Unfortunately, it wasn't. Installer Rick Oaks put in everything but the garage door and opener, which he says he wasn't trained to install and had no means of hauling to Redding from the company's Sacramento, Calif., warehouse. From that point forward, what might have been a poorly managed service situation mushroomed into an increasingly brittle exchange of phone calls and e-mail messages.
The Inneses pointed out to Pacesetter several months after signing the contract that not only had their garage door and opener still not been installed, but the original window installation was unconscionably messy. Other complaints included a broken coat rack, blinds removed and not replaced, and “a giant Pacesetter advertisement stuck in our front lawn” without permission. They argued — insisted — that that gave them the right to cancel that portion of the contract covering the still-uninstalled garage door and opener. Pacesetter at first attempted to convince them otherwise. But then it deferred, and West Coast vice president Gary Kluck sent the Inneses a letter offering to deduct $3,800 from the original contract price. This was accepted, but the homeowners and company went back and forth on other issues, including whether or not a new contract was needed. The offer of dinner out, compliments of Pacesetter, came too late to calm the seething Inneses.
“They called and wanted to talk with me, but they wouldn't say what it was about,” recalls Ken Innes. “I told them if they wanted to negotiate they could do it through e-mail or written mail. I wanted to have a record, because they'd lied to me before.” By this time — spring 2002 — the couple had also contacted the Better Business Bureau and the California State Attorney General's Consumer Fraud Division. Things remained at a standoff until the following year, when Ken Innes launched PacesetterSucks.com. Soon it was the first item to appear on any Google search for “Pacesetter.”

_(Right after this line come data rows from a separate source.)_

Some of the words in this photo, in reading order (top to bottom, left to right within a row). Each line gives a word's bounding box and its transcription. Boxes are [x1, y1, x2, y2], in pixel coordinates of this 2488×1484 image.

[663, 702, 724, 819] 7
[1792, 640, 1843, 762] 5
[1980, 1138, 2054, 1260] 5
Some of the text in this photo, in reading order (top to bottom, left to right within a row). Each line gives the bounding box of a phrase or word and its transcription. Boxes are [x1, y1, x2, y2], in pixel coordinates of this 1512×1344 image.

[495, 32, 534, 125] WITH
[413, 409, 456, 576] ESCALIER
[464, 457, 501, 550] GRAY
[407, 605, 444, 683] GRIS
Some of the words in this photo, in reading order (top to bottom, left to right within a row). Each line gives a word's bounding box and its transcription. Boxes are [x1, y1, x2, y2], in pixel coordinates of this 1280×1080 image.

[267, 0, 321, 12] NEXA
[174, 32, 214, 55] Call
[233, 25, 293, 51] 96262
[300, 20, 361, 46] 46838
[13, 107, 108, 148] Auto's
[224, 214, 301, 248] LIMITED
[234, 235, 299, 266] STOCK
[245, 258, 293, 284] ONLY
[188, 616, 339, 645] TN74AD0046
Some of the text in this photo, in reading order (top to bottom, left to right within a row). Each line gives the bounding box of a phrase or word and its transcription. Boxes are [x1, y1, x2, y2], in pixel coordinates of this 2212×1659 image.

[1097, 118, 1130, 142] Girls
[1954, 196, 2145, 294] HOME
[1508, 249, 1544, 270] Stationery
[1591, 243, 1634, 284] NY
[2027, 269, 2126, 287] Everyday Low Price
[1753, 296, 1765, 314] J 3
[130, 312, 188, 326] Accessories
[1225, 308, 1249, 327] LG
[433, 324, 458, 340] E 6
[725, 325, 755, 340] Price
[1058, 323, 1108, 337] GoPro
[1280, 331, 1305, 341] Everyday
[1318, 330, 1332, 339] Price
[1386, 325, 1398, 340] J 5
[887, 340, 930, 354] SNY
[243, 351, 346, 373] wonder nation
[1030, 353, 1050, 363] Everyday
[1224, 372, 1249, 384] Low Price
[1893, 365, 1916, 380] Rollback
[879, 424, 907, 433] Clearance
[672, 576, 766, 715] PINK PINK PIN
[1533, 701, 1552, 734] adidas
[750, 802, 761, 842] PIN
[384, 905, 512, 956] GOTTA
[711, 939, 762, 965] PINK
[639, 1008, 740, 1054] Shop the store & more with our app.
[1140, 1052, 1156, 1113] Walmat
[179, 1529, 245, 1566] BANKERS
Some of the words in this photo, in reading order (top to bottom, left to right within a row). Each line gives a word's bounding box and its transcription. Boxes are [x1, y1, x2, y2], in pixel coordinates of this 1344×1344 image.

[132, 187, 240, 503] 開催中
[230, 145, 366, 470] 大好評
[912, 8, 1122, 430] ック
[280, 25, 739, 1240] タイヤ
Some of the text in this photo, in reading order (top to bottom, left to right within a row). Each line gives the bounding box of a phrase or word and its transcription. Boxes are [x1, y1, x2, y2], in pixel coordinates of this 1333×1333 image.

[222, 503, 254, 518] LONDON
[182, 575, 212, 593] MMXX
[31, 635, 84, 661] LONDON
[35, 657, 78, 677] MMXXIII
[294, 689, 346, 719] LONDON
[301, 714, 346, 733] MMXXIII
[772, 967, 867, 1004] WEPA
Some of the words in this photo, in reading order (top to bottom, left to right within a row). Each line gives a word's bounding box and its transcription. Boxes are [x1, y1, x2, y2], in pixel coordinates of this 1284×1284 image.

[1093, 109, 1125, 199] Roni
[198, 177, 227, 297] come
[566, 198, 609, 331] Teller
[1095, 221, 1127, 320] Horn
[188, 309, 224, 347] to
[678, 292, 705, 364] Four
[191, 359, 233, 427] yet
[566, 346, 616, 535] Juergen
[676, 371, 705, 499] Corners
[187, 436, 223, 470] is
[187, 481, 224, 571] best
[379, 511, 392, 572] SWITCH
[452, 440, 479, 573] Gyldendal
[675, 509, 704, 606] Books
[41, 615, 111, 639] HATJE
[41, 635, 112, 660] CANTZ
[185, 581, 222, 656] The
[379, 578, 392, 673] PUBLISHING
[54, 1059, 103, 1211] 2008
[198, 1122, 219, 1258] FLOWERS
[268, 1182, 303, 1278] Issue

Revenge Sites At the time the Inneses launched the Web site PacesetterSucks.com, so-called “revenge sites” had frequently begun popping up on the Internet. Spawned by the fallout from dot-com crashes, such sites were typically launched by angry ex-employees looking to settle scores with former managers or employers. Ken Innes says that he simply wanted to make Pacesetter management aware of his complaints and warn other homeowners about the stress involved in dealing with the company.
Pacesetter management found out soon enough. On April 25, 2003, company legal counsel James B. Miller sent a cease-and-desist letter to the couple. The threat failed to deter. PacesetterSucks.com, meanwhile, began to grow. Eventually the site included six “visitor feedback books” chock-full of e-mail, plus links. “It had a significant impact on our business,” says Tim Bannon, the company's chief information officer in 2004–2005. That impact took the form of cancelled appointments and contracts. PacesetterSucks.com remains up to this day.
An Omaha Institution In 2002, Pacesetter had been in business for 40 years. That made it ancient in an industry where businesses often come and go in a decade. The company could boast of solid systems for manufacturing, marketing, selling, and installing home improvement products, a highly profitable finance arm, a loyal cadre of approximately 1,500 employees, and a prominent position in the local business community. In Omaha, owners Phil and Harley Schrager were known and respected for civic contributions such as the Pacesetter Academy, a nonprofit that provided academic support for at-risk youth. The University of Nebraska had awarded Phil Schrager an honorary Doctor of Letters degree in 1992, and Pacesetter itself was presented with a Better Business Bureau Torch Award in 1999.
But 2002 was an unsettling time at Pacesetter. Inside the company a growing awareness existed that although both communication technology and the consumer were changing, Pacesetter was not.